He was standing on the doorstep of the apartment complex where Martin lived. It made sense, really. The only surprise was that he’d managed to find his way there so mindlessly, given that he’d only been there a few times before. (Martin had only briefly been at the top of his suspect list, but Jon had still felt the need to perform a bit of surveillance.) Before he could think better of it, Jon slipped inside and made his way to Martin’s second-storey flat.

He knocked. There was no answer.  He knocked again, louder this time, before finally deciding to check the time. 

It was past midnight. He’d sent Martin home hours ago, and he was almost certainly asleep by now.

Jon weighed his options. He couldn’t stand here in the hallway all night, waiting for one of Martin’s neighbors to pass by and notice the bloodstains on his shoes. He couldn’t go back to his apartment - the police would be on their way there soon, if they weren’t already. And he couldn’t go anywhere else - he’d burned just about every bridge he could in the past year, and there was no one left he could turn to.

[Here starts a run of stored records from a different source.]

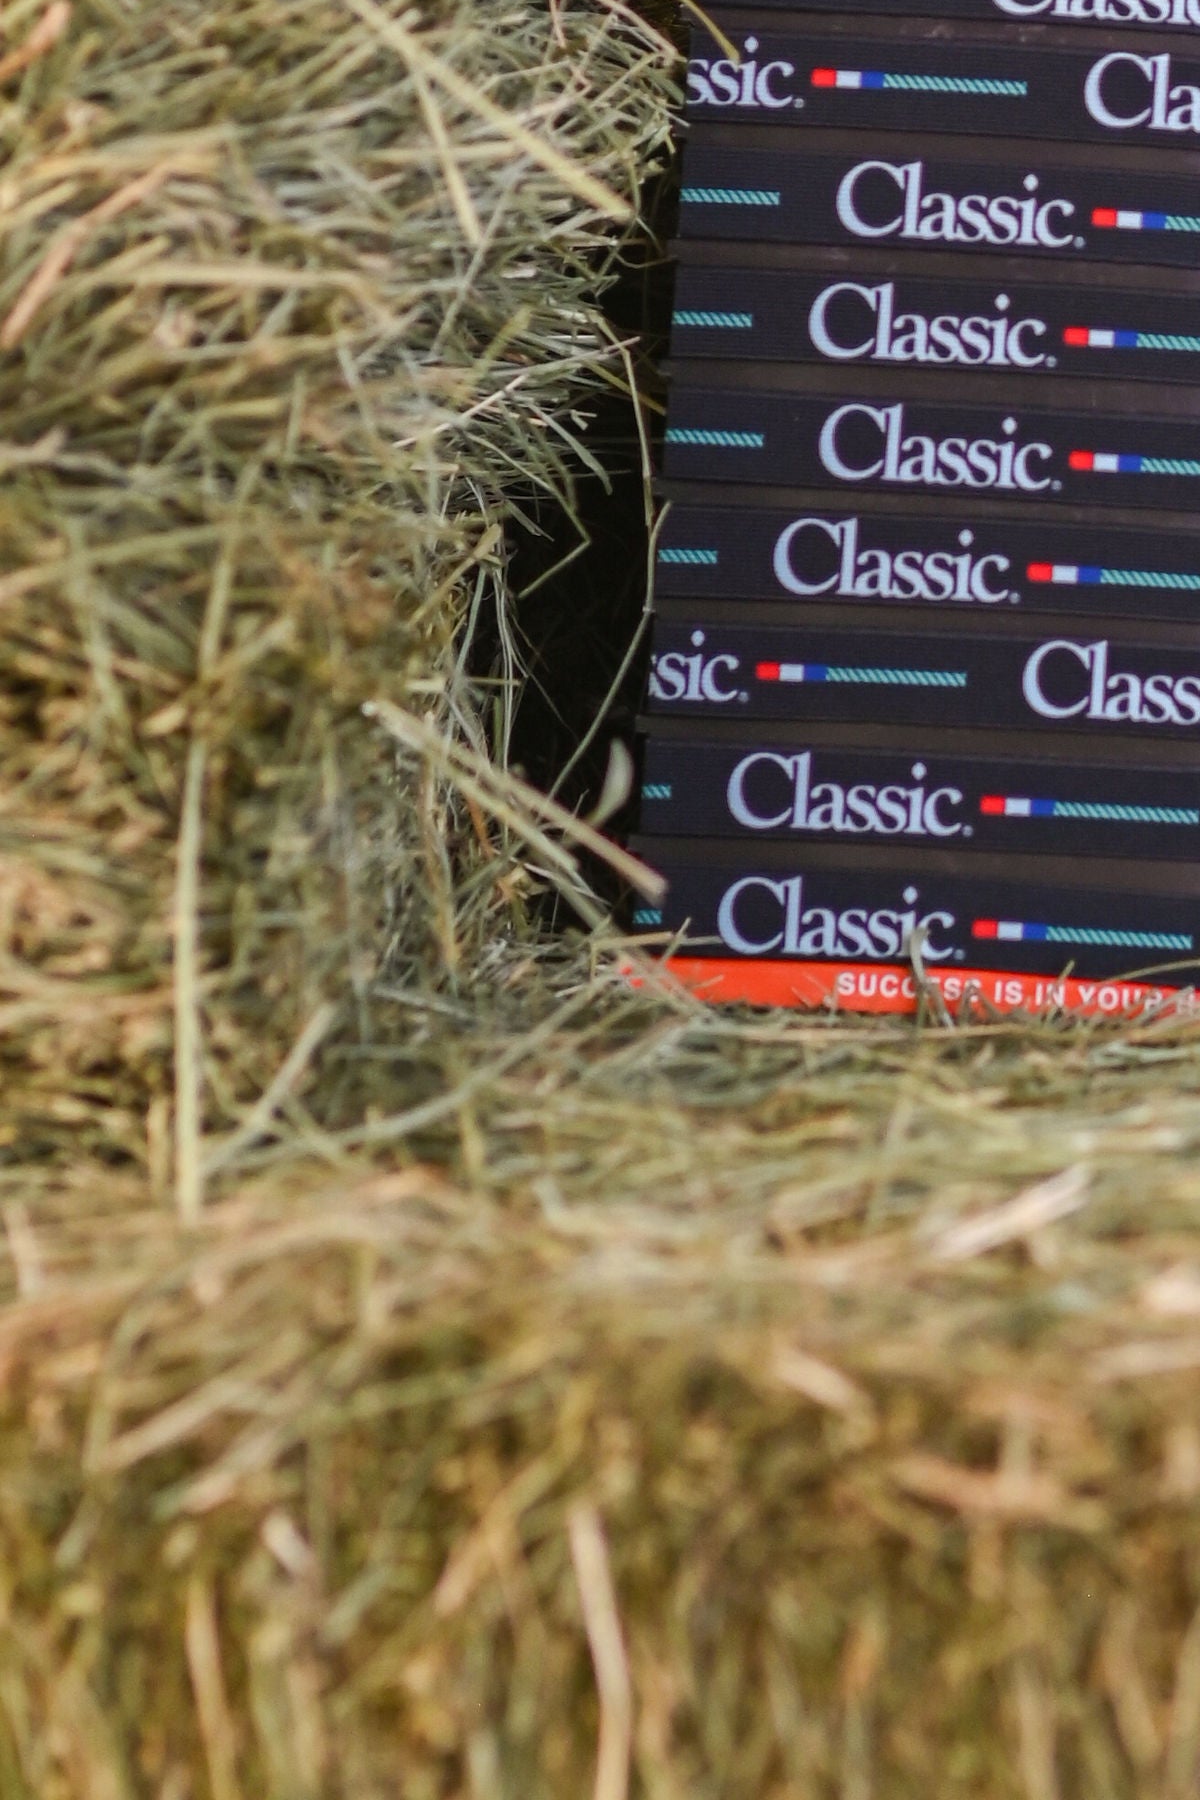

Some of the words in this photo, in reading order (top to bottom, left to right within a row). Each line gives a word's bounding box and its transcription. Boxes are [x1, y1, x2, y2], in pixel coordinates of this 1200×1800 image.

[836, 160, 1075, 248] Classic
[809, 282, 1047, 367] Classic
[819, 403, 1053, 491] Classic
[773, 517, 1010, 603] Classic
[728, 751, 963, 836] Classic
[717, 876, 955, 961] Classic
[993, 979, 1023, 1006] IS
[1035, 982, 1065, 1007] IN

Still. His time in Research had left him with a few worthwhile skills, chief among them the ability to pick a lock. He didn’t feel particularly good about the morality or legality of the action, but he was facing some rather severe extenuating circumstances, so he shoved aside his guilt and got to work. It was slow-going, and he was convinced the entire time that at any moment one of Martin’s neighbors was going to come out and catch him in the act, but after a bit of fiddling he managed to get the door unlocked. He stepped inside cautiously and closed the door behind him, careful not to make a sound.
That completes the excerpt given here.